• WORK ORDER:
Apart from the pictures, every entry should be reproduced exactly.

• MATERIAL TO PROCESS:
[Start of Attachment]

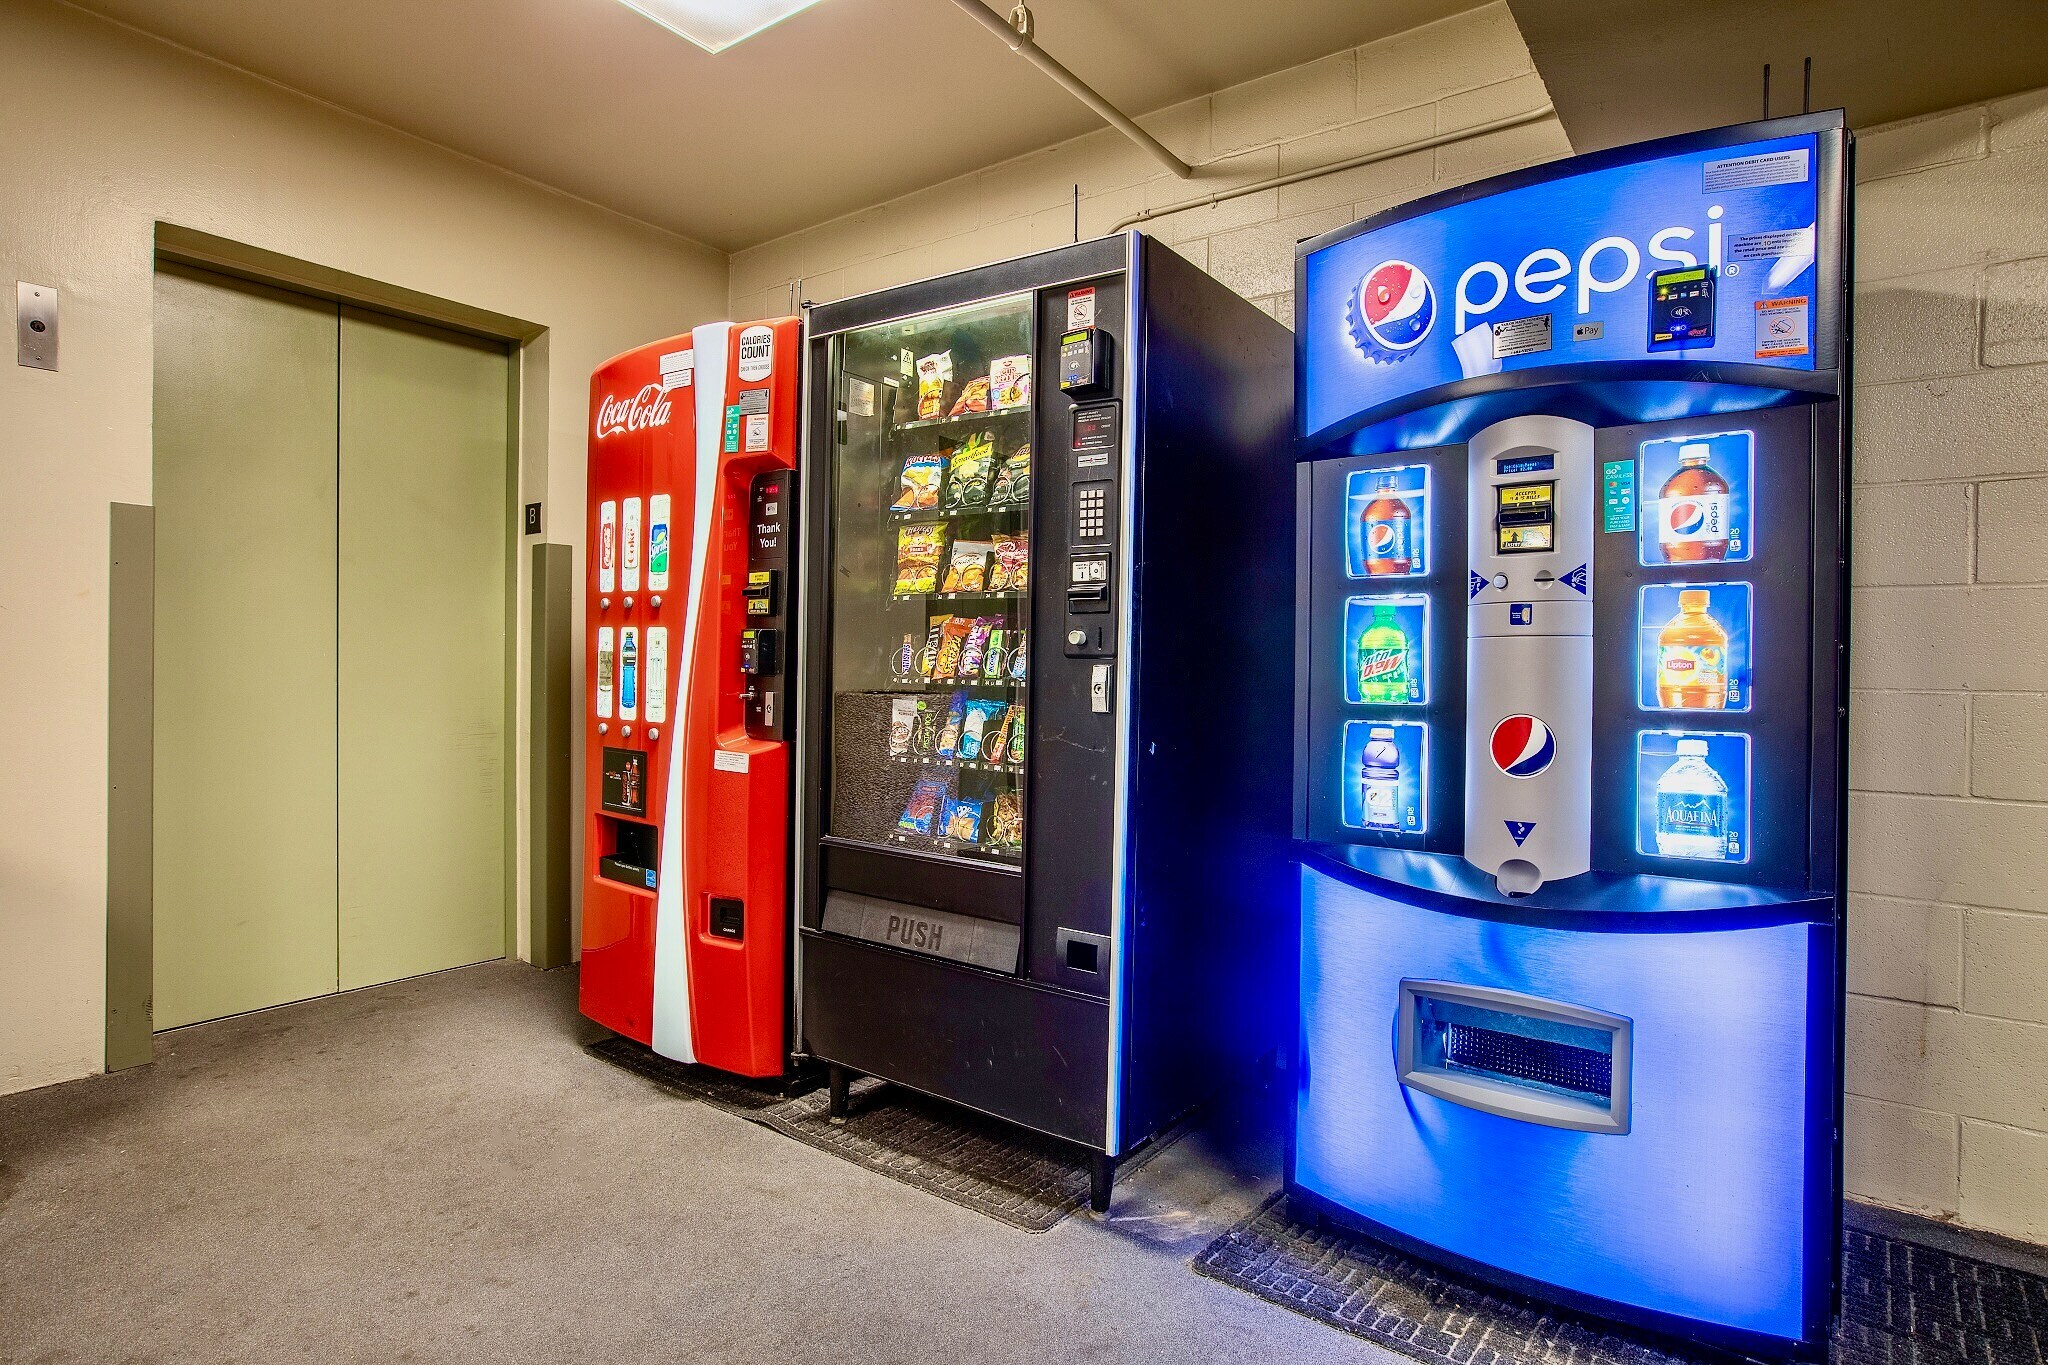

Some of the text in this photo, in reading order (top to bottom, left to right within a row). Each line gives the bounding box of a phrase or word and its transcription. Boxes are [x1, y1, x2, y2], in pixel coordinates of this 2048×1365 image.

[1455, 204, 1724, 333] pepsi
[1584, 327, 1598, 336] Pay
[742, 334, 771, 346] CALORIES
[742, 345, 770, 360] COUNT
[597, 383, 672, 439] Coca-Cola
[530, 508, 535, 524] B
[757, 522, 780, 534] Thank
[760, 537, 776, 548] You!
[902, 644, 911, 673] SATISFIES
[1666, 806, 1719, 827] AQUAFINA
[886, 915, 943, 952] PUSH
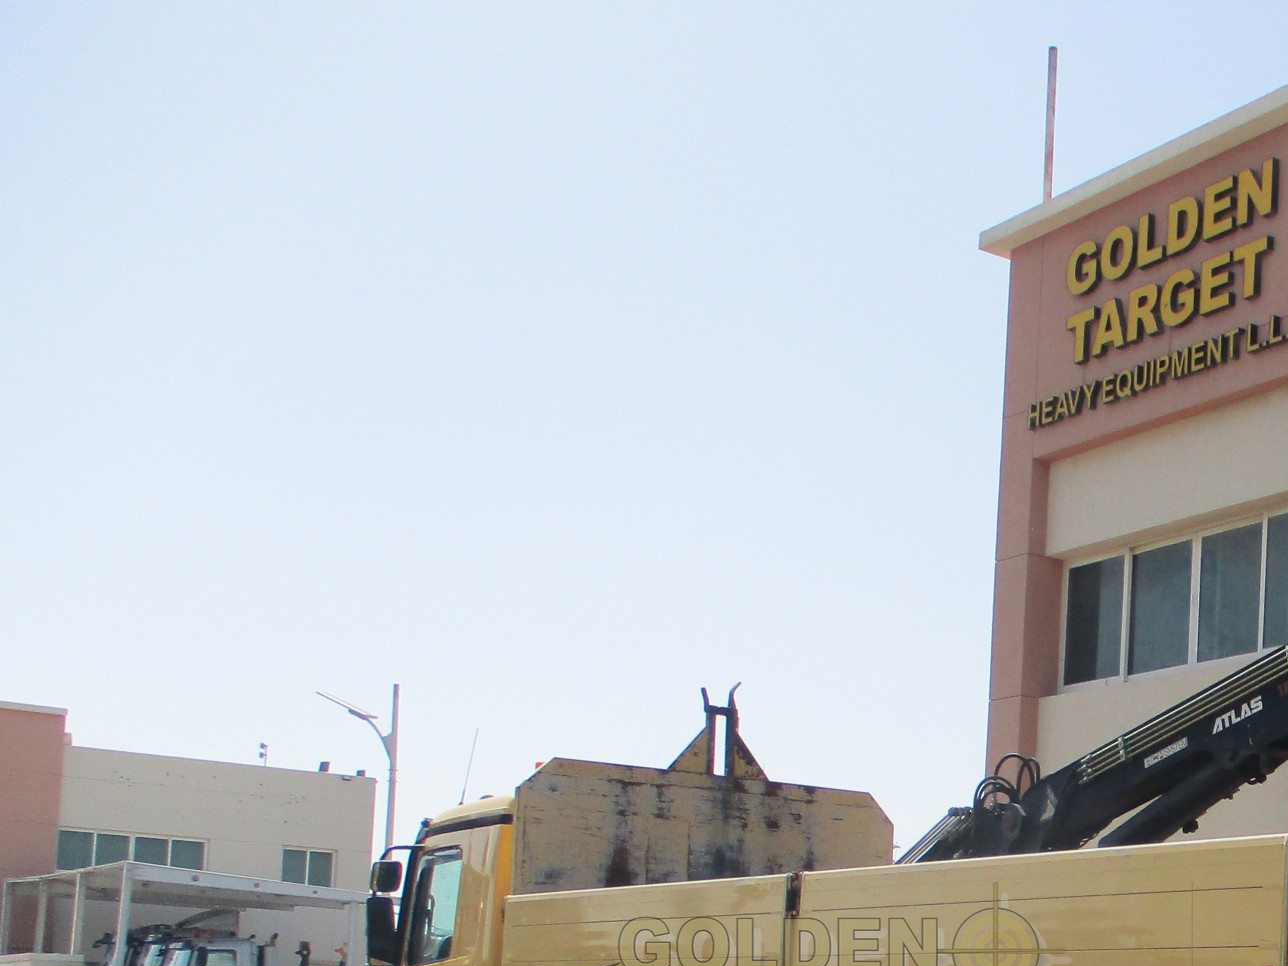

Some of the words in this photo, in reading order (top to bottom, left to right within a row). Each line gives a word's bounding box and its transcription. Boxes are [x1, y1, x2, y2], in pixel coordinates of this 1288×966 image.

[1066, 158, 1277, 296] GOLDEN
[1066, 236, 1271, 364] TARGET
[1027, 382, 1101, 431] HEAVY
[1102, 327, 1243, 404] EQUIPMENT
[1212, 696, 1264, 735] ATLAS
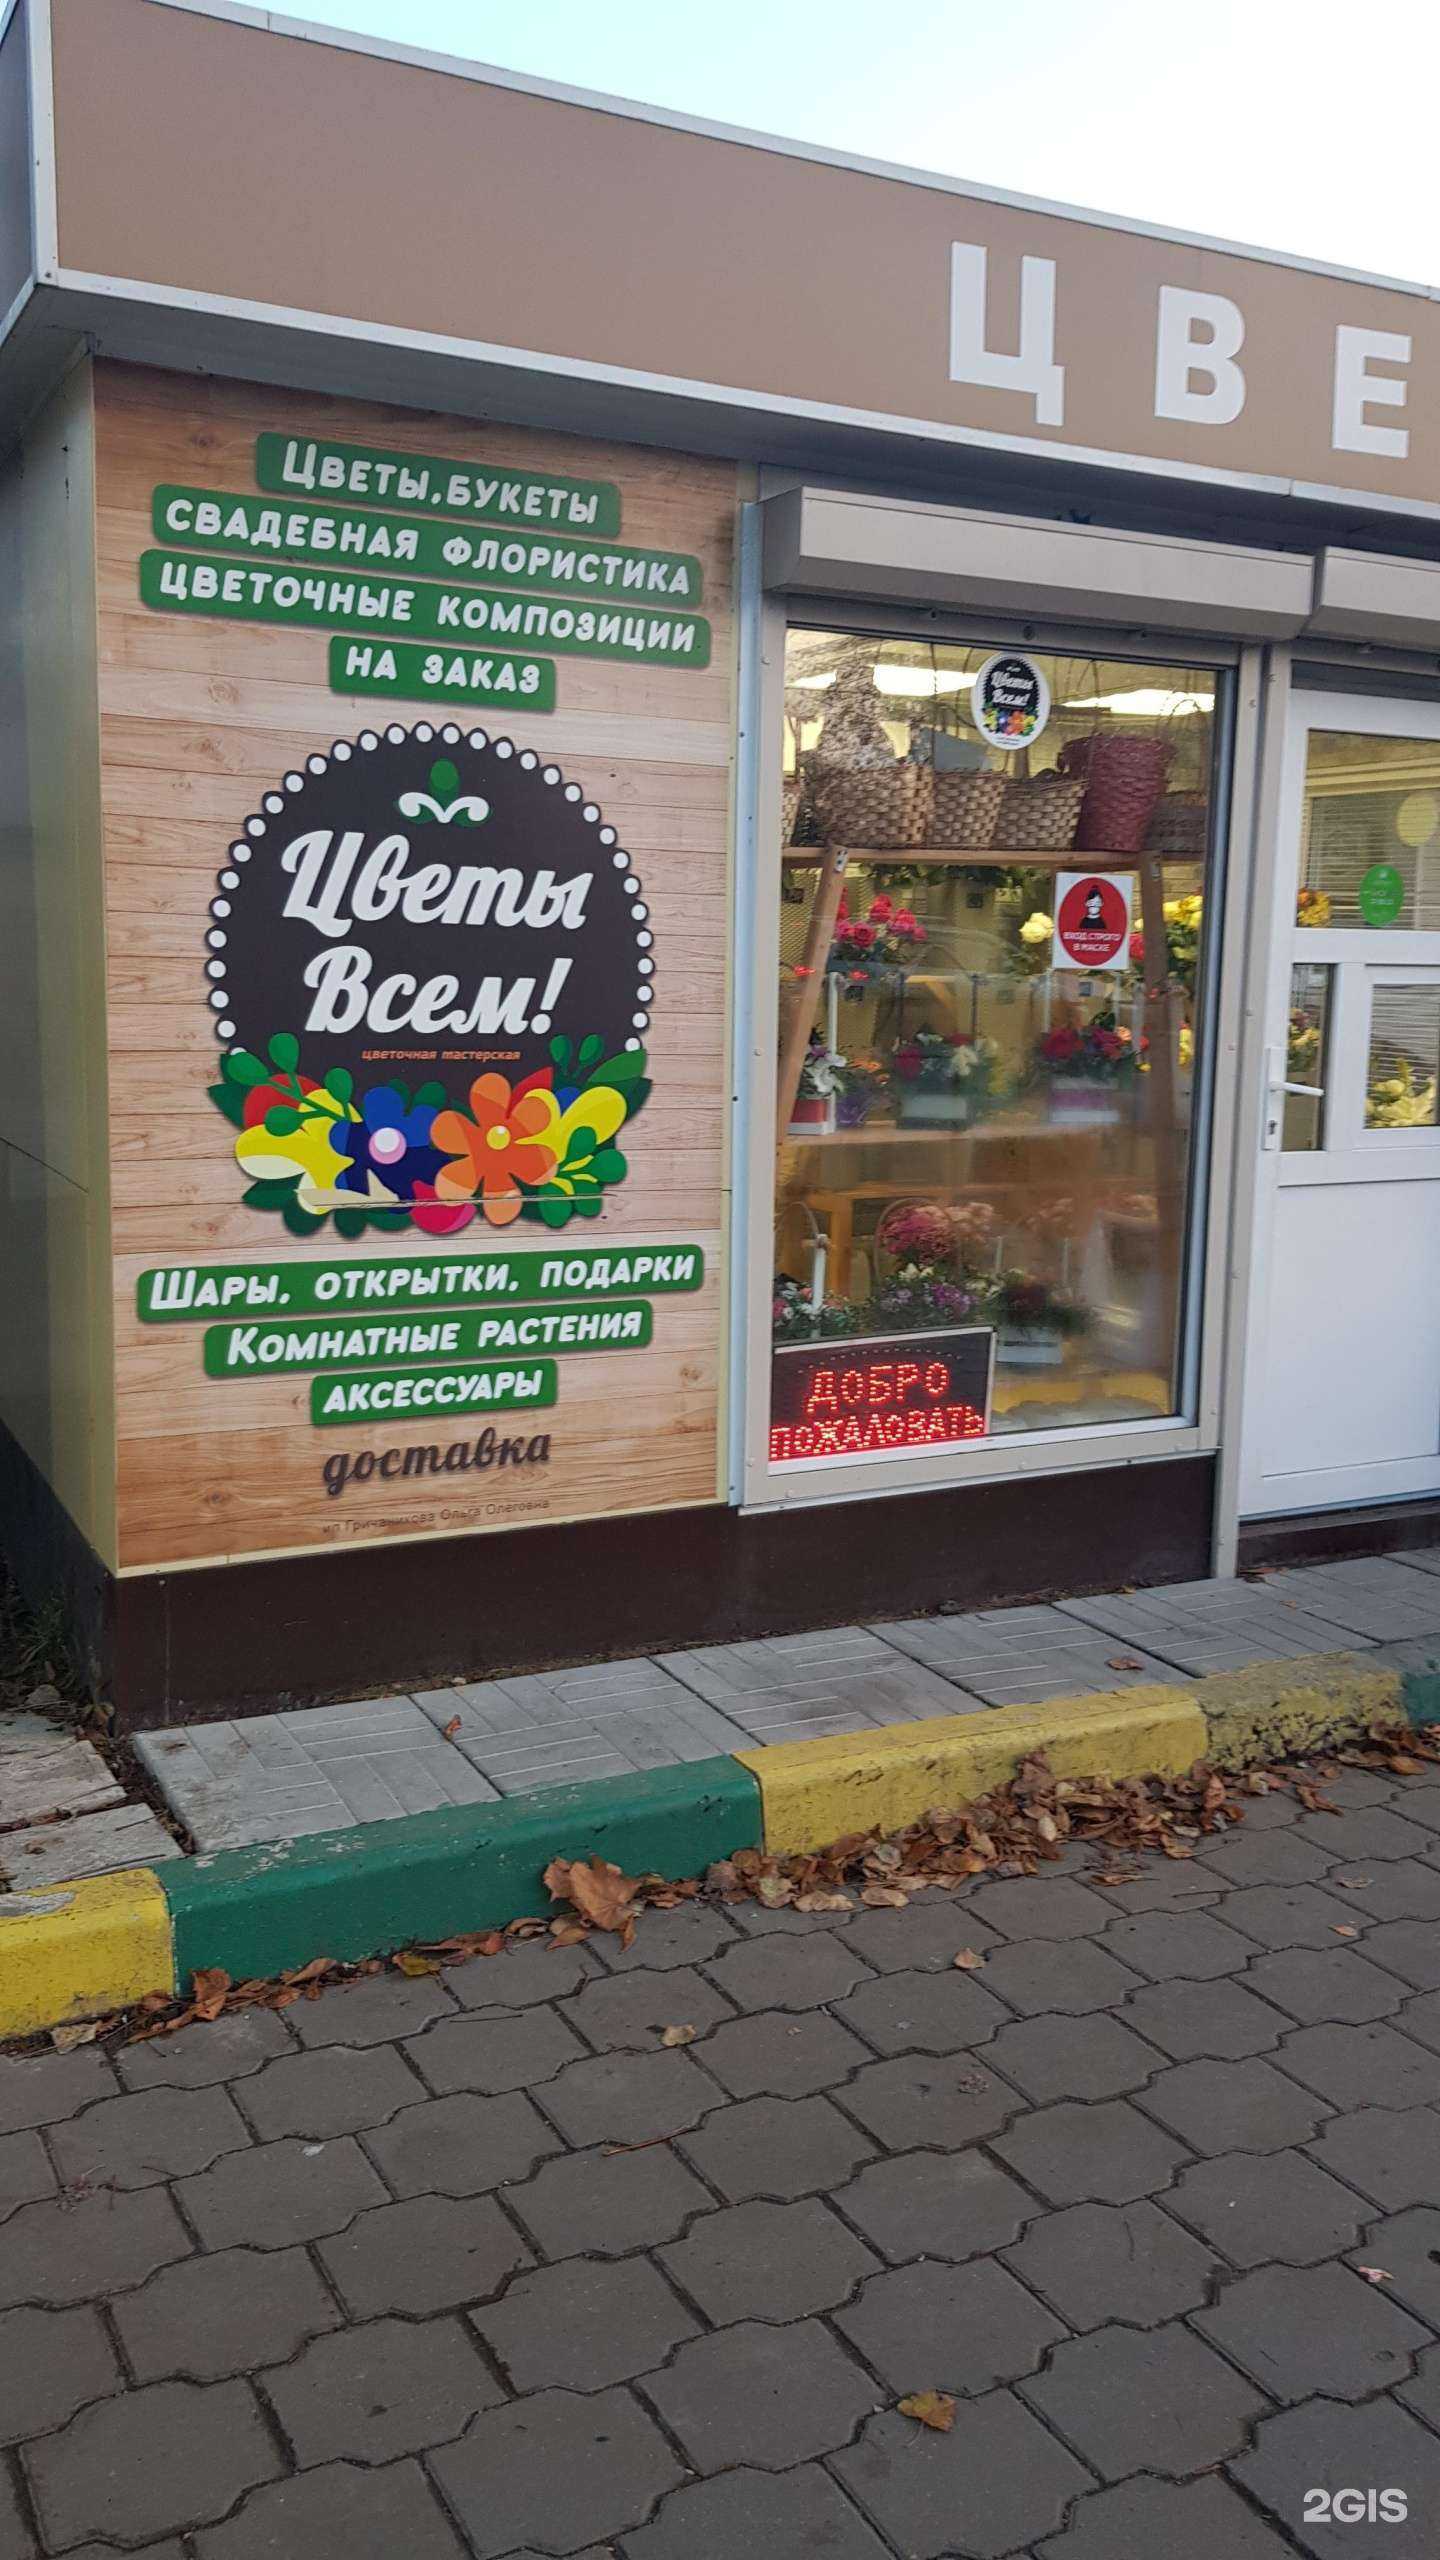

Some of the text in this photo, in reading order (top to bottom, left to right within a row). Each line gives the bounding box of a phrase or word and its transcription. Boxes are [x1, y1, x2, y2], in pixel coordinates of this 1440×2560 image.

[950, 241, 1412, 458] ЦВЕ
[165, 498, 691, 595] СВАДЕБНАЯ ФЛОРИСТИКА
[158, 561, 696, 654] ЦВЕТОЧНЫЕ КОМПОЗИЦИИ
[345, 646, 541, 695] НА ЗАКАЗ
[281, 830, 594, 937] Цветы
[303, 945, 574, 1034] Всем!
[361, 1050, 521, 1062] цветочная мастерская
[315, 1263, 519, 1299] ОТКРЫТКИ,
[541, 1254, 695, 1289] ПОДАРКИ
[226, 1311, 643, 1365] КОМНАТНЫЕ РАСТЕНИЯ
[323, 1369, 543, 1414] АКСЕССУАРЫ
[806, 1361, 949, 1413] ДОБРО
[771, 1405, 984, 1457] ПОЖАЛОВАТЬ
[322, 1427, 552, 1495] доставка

[End of Attachment]

• EXPECTED OUTPUT:
Some of the text in this photo, in reading order (top to bottom, left to right within a row). Each line gives the bounding box of a phrase or word and its transcription. Boxes are [x1, y1, x2, y2], in pixel coordinates of this 2048×1365 image.

[1455, 204, 1724, 333] pepsi
[1584, 327, 1598, 336] Pay
[742, 334, 771, 346] CALORIES
[742, 345, 770, 360] COUNT
[597, 383, 672, 439] Coca-Cola
[530, 508, 535, 524] B
[757, 522, 780, 534] Thank
[760, 537, 776, 548] You!
[902, 644, 911, 673] SATISFIES
[1666, 806, 1719, 827] AQUAFINA
[886, 915, 943, 952] PUSH

Some of the words in this photo, in reading order (top to bottom, left to right within a row). Each line gives a word's bounding box and its transcription. Boxes are [x1, y1, x2, y2], in pixel coordinates of this 1288×966 image.

[1066, 158, 1277, 296] GOLDEN
[1066, 236, 1271, 364] TARGET
[1027, 382, 1101, 431] HEAVY
[1102, 327, 1243, 404] EQUIPMENT
[1212, 696, 1264, 735] ATLAS

Some of the text in this photo, in reading order (top to bottom, left to right within a row). Each line gives the bounding box of a phrase or word and its transcription. Boxes are [x1, y1, x2, y2], in pixel coordinates of this 1440×2560 image.

[950, 241, 1412, 458] ЦВЕ
[165, 498, 691, 595] СВАДЕБНАЯ ФЛОРИСТИКА
[158, 561, 696, 654] ЦВЕТОЧНЫЕ КОМПОЗИЦИИ
[345, 646, 541, 695] НА ЗАКАЗ
[281, 830, 594, 937] Цветы
[303, 945, 574, 1034] Всем!
[361, 1050, 521, 1062] цветочная мастерская
[315, 1263, 519, 1299] ОТКРЫТКИ,
[541, 1254, 695, 1289] ПОДАРКИ
[226, 1311, 643, 1365] КОМНАТНЫЕ РАСТЕНИЯ
[323, 1369, 543, 1414] АКСЕССУАРЫ
[806, 1361, 949, 1413] ДОБРО
[771, 1405, 984, 1457] ПОЖАЛОВАТЬ
[322, 1427, 552, 1495] доставка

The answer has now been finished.